Here the old poetic wisdom of Labīd, praised by the Prophet ﷺ, becomes more than a line of ascetic sentiment. The Prophet ﷺ said, “The most truthful statement a poet has ever made is the saying of Labid: Everything besides Allah is vain.” The Arabic line is:
أَلَا كُلُّ شَيْءٍ مَا خَلَا اللَّهَ بَاطِلُ
“Indeed, all things apart from Allah are false (and fleeting).”
This is not an invitation to despise the world. It is an invitation to refuse the idolatry of the world. Marks, reputations, technologies, institutions, policies, rankings, and even schools are not unreal in the ordinary sense. They matter. But they are not ultimate. When any created thing is allowed to define success without reference to Allah, it becomes a little idol in the imagination of the school. (Sunnah)
What Tawḥīd Does to School Systems
If tawḥīd is taken seriously, it cannot remain a paragraph in a mission statement. It must descend into design. It must shape curriculum, pedagogy, assessment, discipline, inclusion, technology, leadership, and parent partnership. It must become visible not only in what the school says, but in what the school rewards, repeats, tolerates, fears, celebrates, and measures.
| School Domain | Without Tawḥīd | Under Tawḥīd |
|---|---|---|
Curriculum | Subjects as compartments | Knowledge braided under Allah |
| Science | Matter without meaning | Creation as āyāt, studied rigorously |
| Islamic Studies | Religious information | Guidance for life and formation |
| Pedagogy | Content delivery | Psychagogy: the guidance of minds and hearts |
| Assessment | Sorting and ranking | Muḥāsabah, growth, and truthful feedback |
| Discipline | Compliance management | Taqwa, Tazkiyah, repair, return, and responsibility |
| Inclusion | Accommodation as afterthought | Every learner as amānah |
| Technology | Innovation as the goal | Tool under moral purpose |
| Leadership | Managing pressure and image | Stewardship before Allah |
| Parent Partnership | Customer satisfaction | Shared amānah for formation |
| Success | Marks, prestige, reputation | Falāḥ, iḥsān, and a sound heart |
This table is not a decorative exercise. It is a diagnostic mirror. It asks whether our Islamic language has entered the deep structure of school life.
Consider curriculum. Without tawḥīd, subjects become compartments. Students move from mathematics to science to English to Islamic Studies as though passing through unrelated rooms. Under tawḥīd, disciplines retain their integrity, but are braided into a larger vision of reality. The learner begins to sense consilience, not as a flattening of difference, but as an awareness that all true knowledge belongs within the sovereignty of Allah.
Consider pedagogy. Without tawḥīd, teaching becomes transmission: content delivered, objectives covered, tasks completed. Under tawḥīd, teaching becomes formative praxis. The teacher is not merely a dispenser of information but a student-curriculum broker, a moral witness, a custodian of attention, and a guide into understanding. The goal is not simply coverage but education for understanding; not merely recall but performances of understanding; not merely activity but growth in discernment.

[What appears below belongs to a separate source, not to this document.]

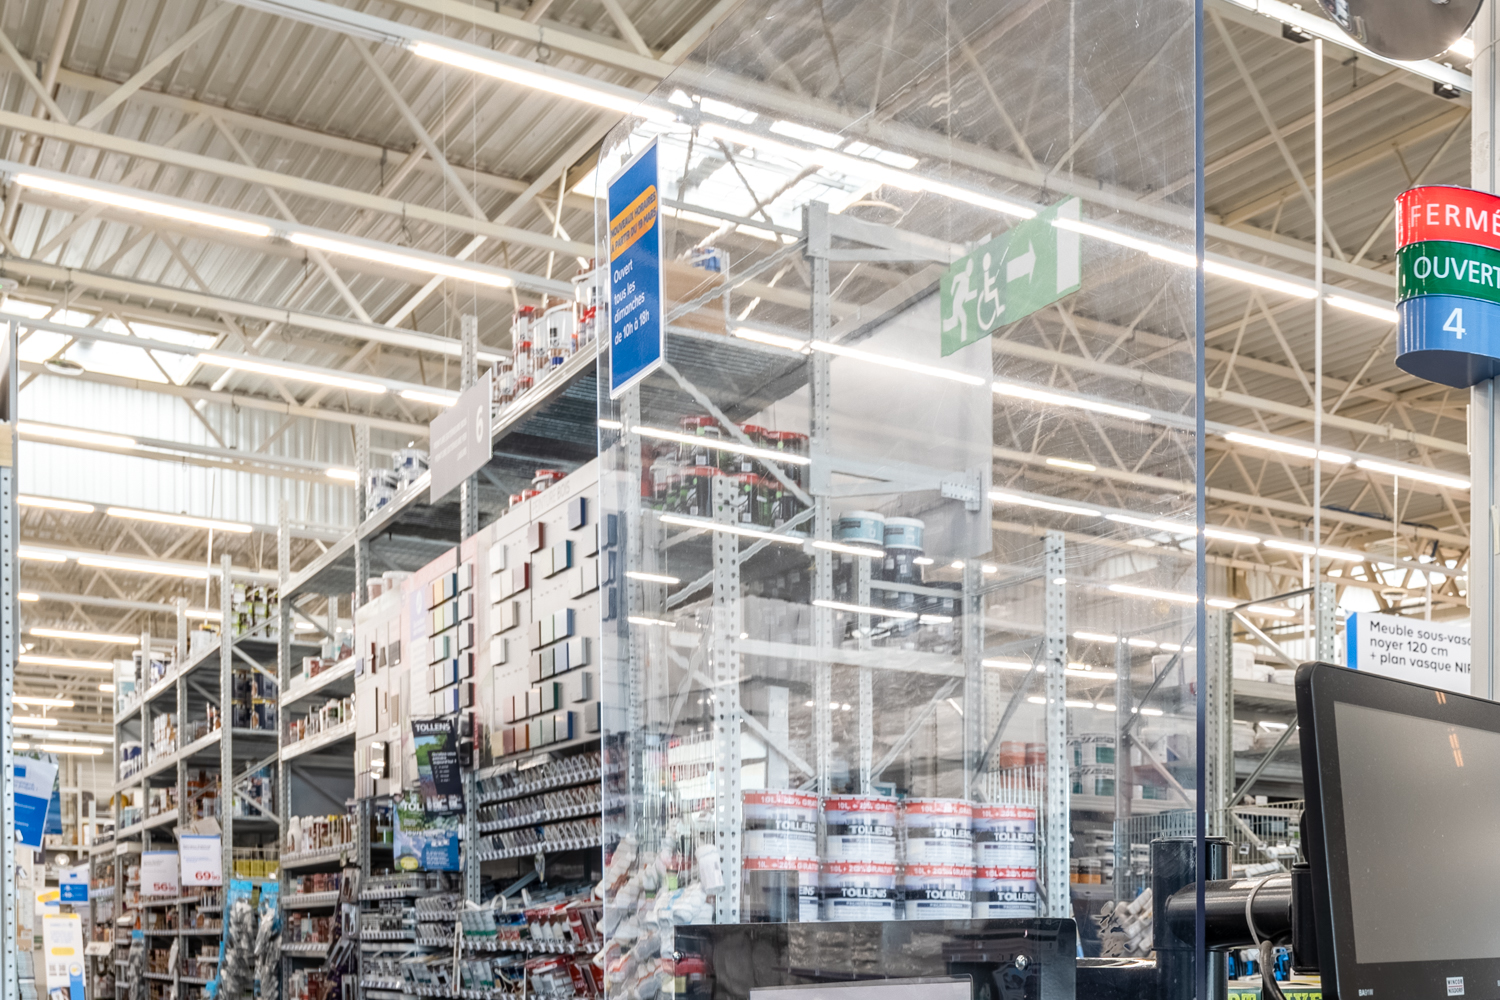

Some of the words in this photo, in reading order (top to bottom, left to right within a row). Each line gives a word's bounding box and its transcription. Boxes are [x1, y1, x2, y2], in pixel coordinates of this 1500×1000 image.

Consider assessment. Without tawḥīd, assessment easily becomes sorting, ranking, and identity assignment. The student becomes an A, B, C, percentile, tier, or target group. Under tawḥīd, assessment becomes a disciplined form of muḥāsabah. It still tells the truth. It does not indulge mediocrity or hide gaps. But it refuses to confuse marks with worth. It asks what the learner has understood, what remains fragile, what kind of feedback will help, and how students become partners in the processes of assessment. In this sense, assessment conducted over time with rich materials in the child’s own environment is not merely a progressive technique; it may become an act of educational justice.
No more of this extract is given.